Spice Leads to Emergency Department Visits

The use of "spice," a combination of synthetic cannabinoids, could result in problems that require emergency medical attention. A recent study led by Christopher Hoyte, MD, from the Rocky Mountain Poison and Drug Center in Denver, found that the use of synthetic cannabinoids can lead to serious problems, including psychosis, paranoia and even death.

The National Poison Data Center reports that in the first three quarters of 2010, there were 1,400 emergency department visits recorded that were directly related to the use of synthetic cannabinoids, according to information provided by the study and published in the online version of the journal Annals of Emergency Medicine.

When individuals use spice, looking for a high but without using an illegal substance, they often end up with troubling symptoms that lead them to seek out emergency medical care. Symptoms may include palpitations, anxiety and paranoia, said Hoyte in a statement. Hoyte says that the drugs have great potential for harm, and one patient in the research study died.

The Drug Enforcement Agency (DEA) made a decision in November of 2010 that added several marijuana substitutes to the list of schedule I substances. This action made it illegal to buy and sell or possess any type of synthetic marijuana. However, even with this action, Hoyte says that the drugs are still easily obtained.

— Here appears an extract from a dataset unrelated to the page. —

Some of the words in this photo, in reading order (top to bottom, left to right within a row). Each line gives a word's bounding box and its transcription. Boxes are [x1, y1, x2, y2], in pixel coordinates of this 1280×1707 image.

To examine the dangerous effects of the drug cocktail known as spice, the researchers studied the records from poison control centers covering the first nine months of 2010 before the DEA ban was in place. In total there were 1,898 reports of poisoning due to the use of spice.

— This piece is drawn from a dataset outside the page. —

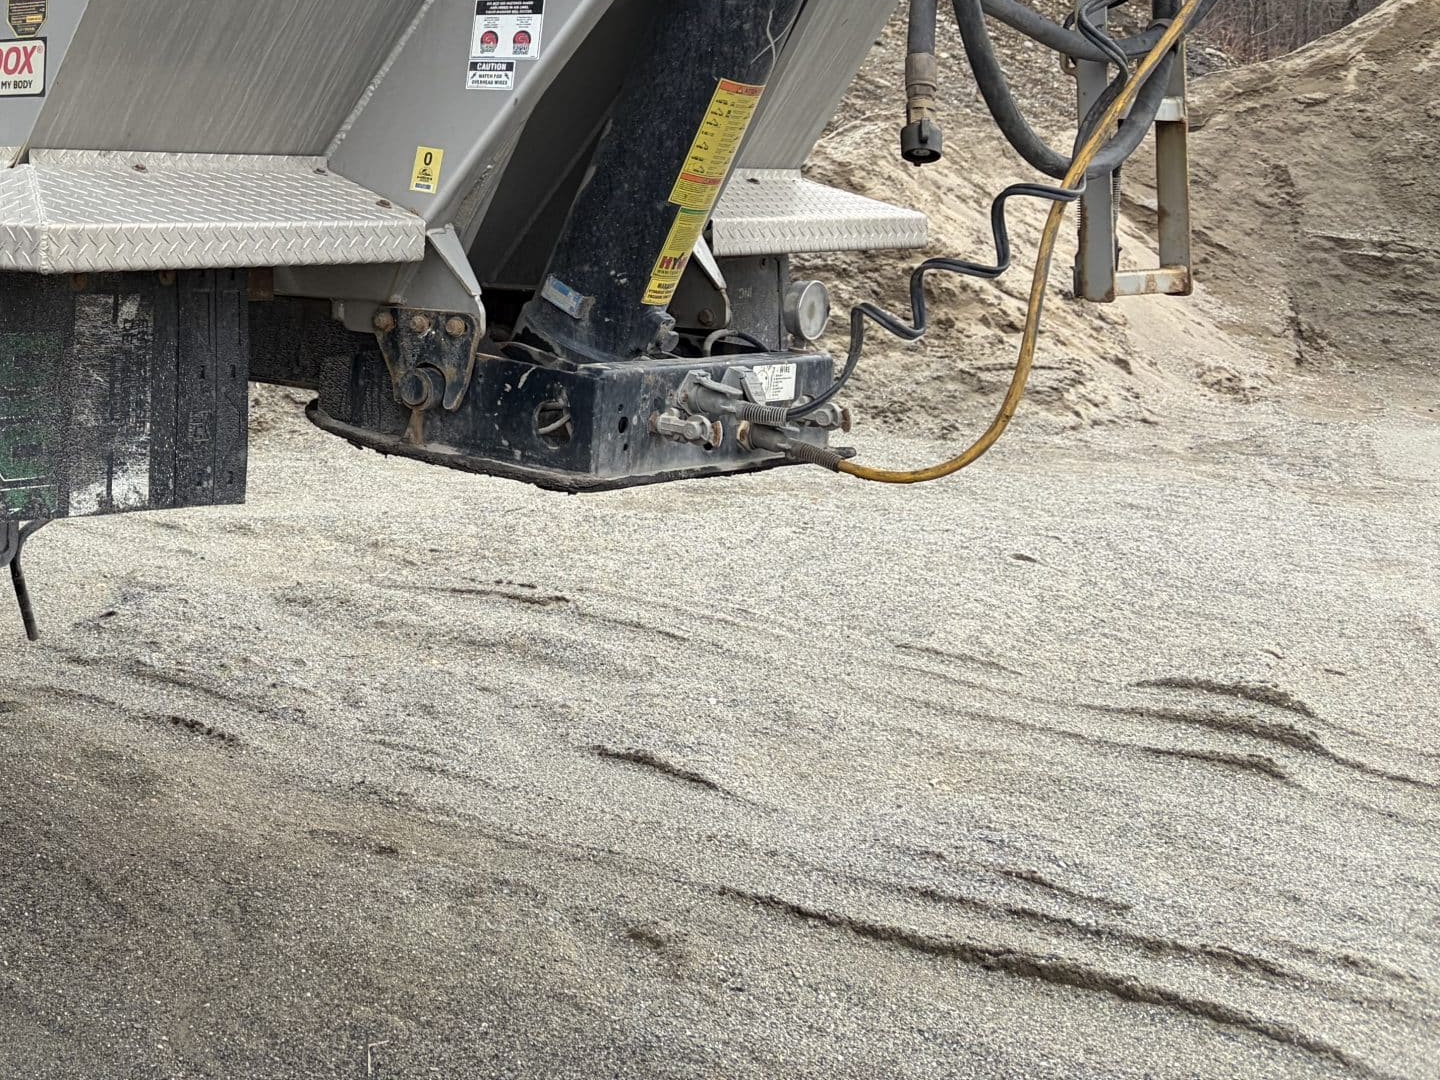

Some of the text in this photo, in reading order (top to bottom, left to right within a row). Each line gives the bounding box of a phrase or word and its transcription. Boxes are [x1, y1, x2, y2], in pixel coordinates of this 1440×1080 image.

[476, 62, 507, 71] CAUTION
[1, 80, 12, 90] MY
[13, 79, 33, 90] BODY
[423, 151, 433, 166] 0

The majority of the cases (approximately 74 percent) involved men and the average age of the patients was 23 years. The most common adverse effect of the drug combination was tachycardia. This condition affected 510 people, or approximately 37 percent. Seizures were detected in 52 patients which was approximately 3.8 percent.

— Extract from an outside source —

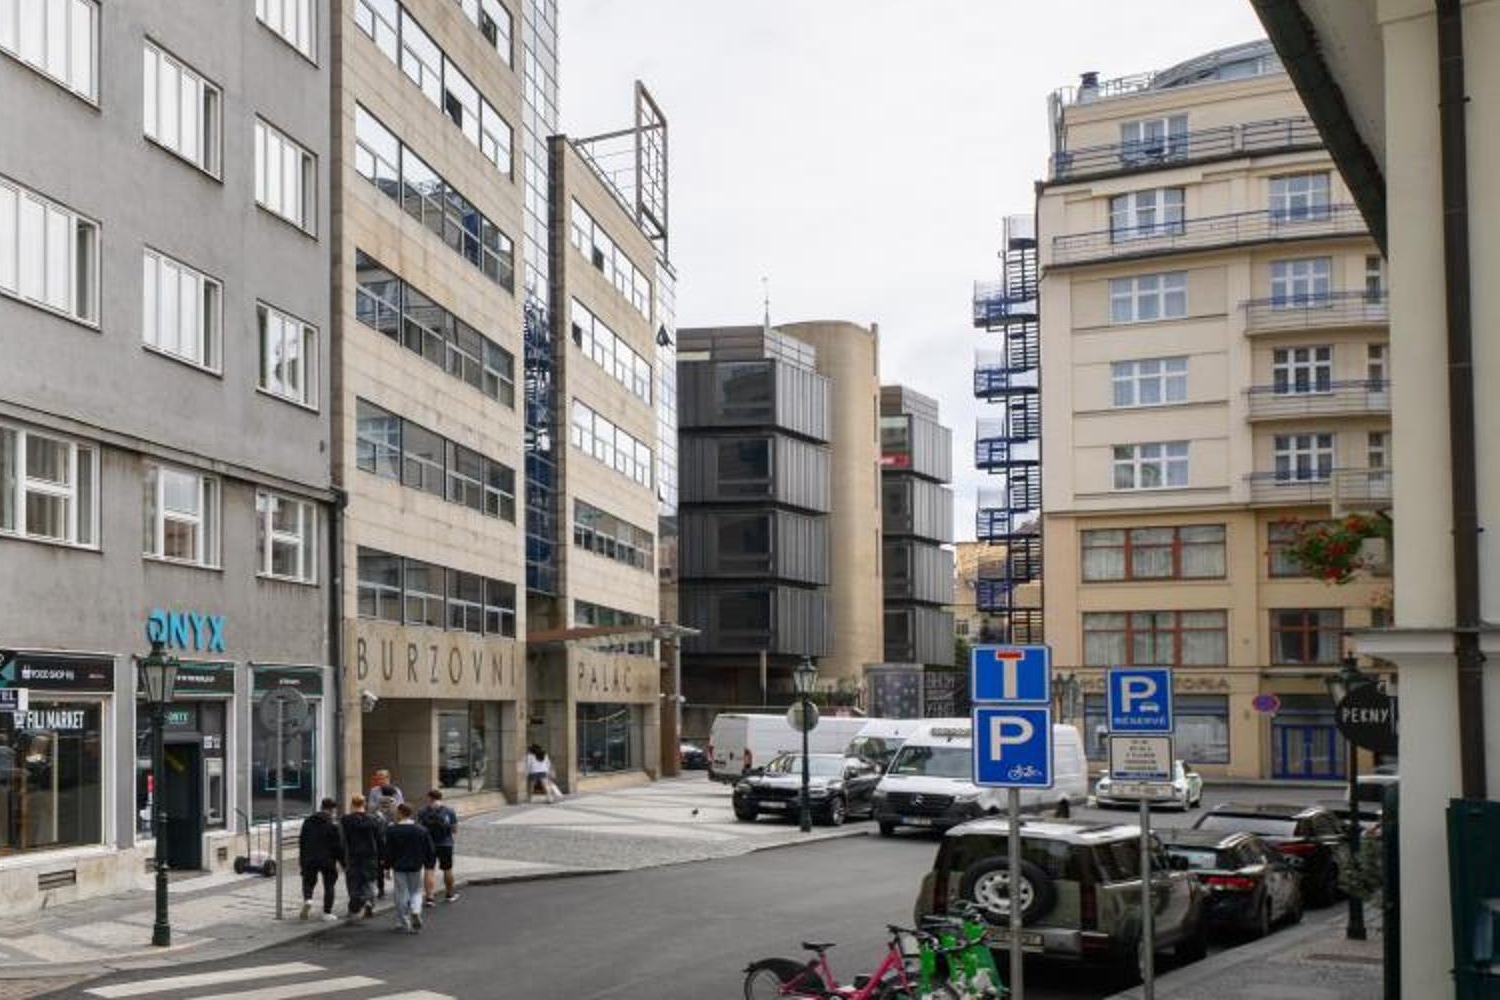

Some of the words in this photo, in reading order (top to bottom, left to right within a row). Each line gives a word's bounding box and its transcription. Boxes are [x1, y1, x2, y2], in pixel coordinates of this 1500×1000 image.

[147, 609, 226, 653] ONYX
[27, 710, 45, 729] FILI
[46, 710, 84, 729] MARKET
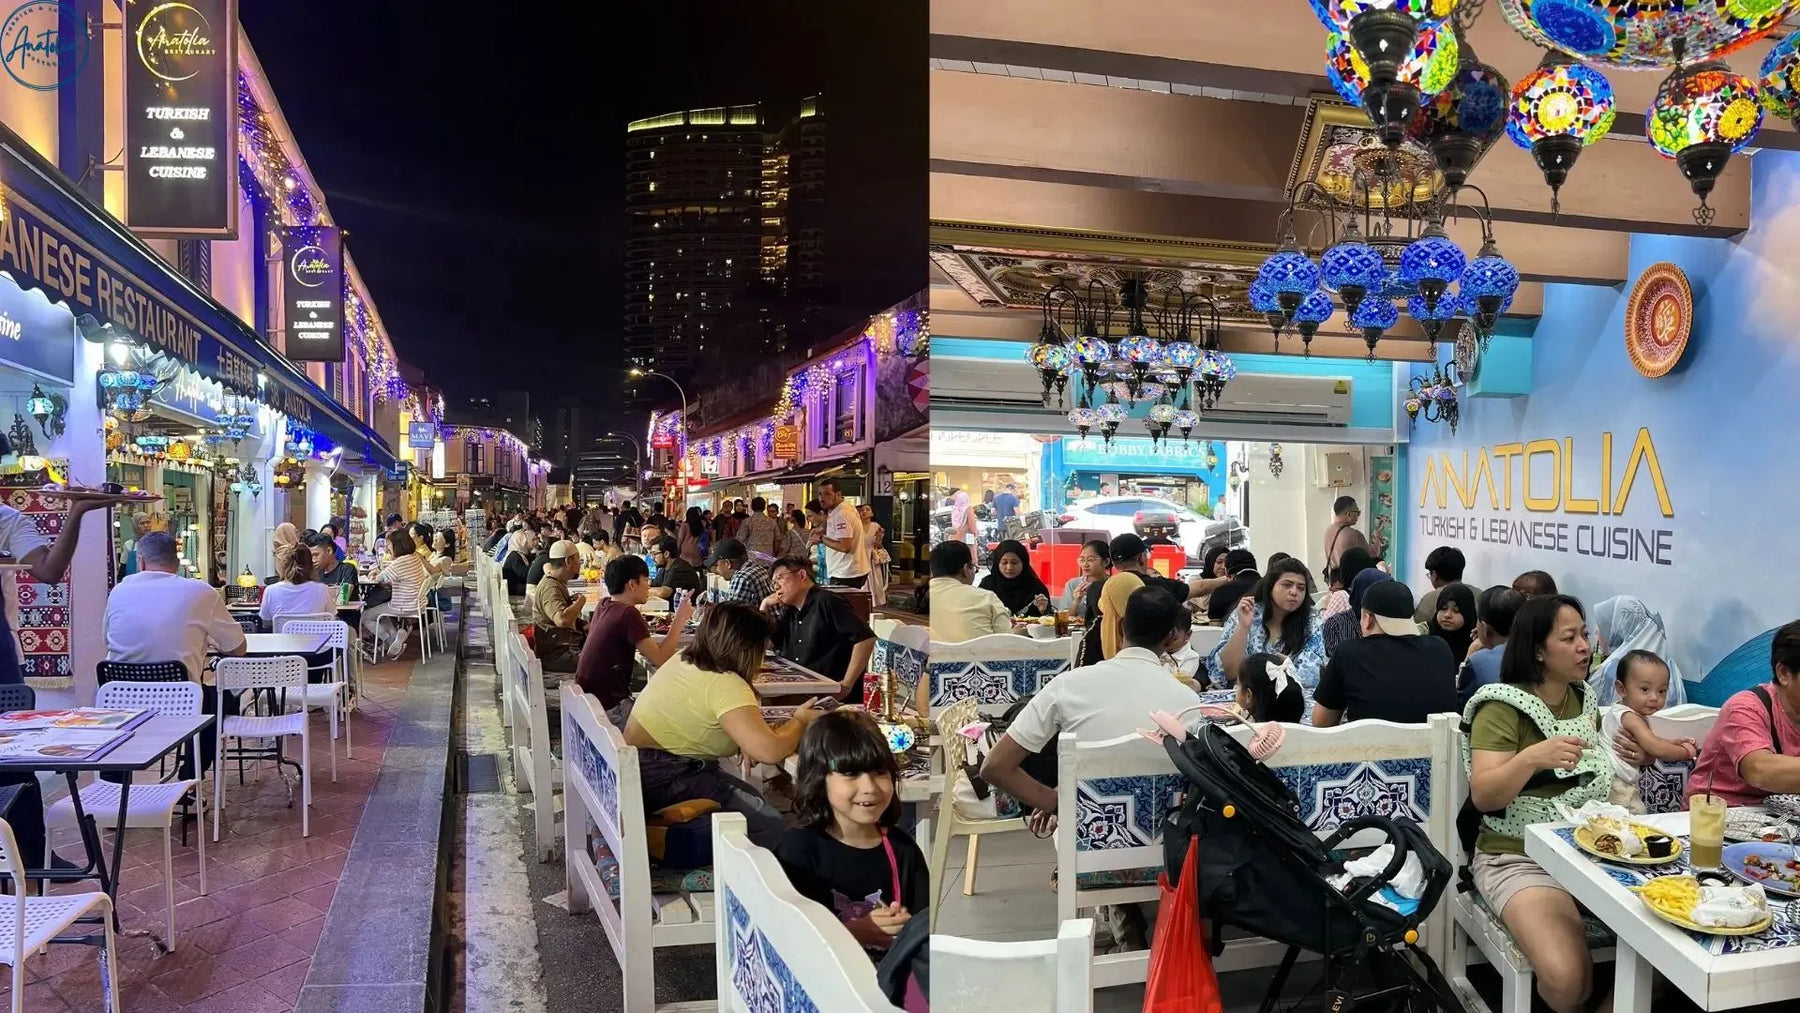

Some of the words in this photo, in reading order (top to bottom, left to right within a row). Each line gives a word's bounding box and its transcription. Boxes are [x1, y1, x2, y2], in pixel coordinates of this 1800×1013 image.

Only approximately 7.3 percent of the reactions to the drug combination resulted in a condition that was considered by the poison control personnel as having a potential to be life-threatening. The majority of the effects were experienced for less than an eight hour period, and the most frequently used intervention was the administering of intravenous fluids. Fluids were given in 343 of the cases, approximately 25.3 percent of patients.

The recorded death involved a 58-year-old man who had been brought to the emergency department suffering from cardiac arrest.

The authors of the study caution that the findings are based on an observational analysis, so there cannot be any understanding of a causal relationship based on this study. However, the findings indicate that further research is needed to fully understand the dangerous nature of synthetic cannabinoid combinations.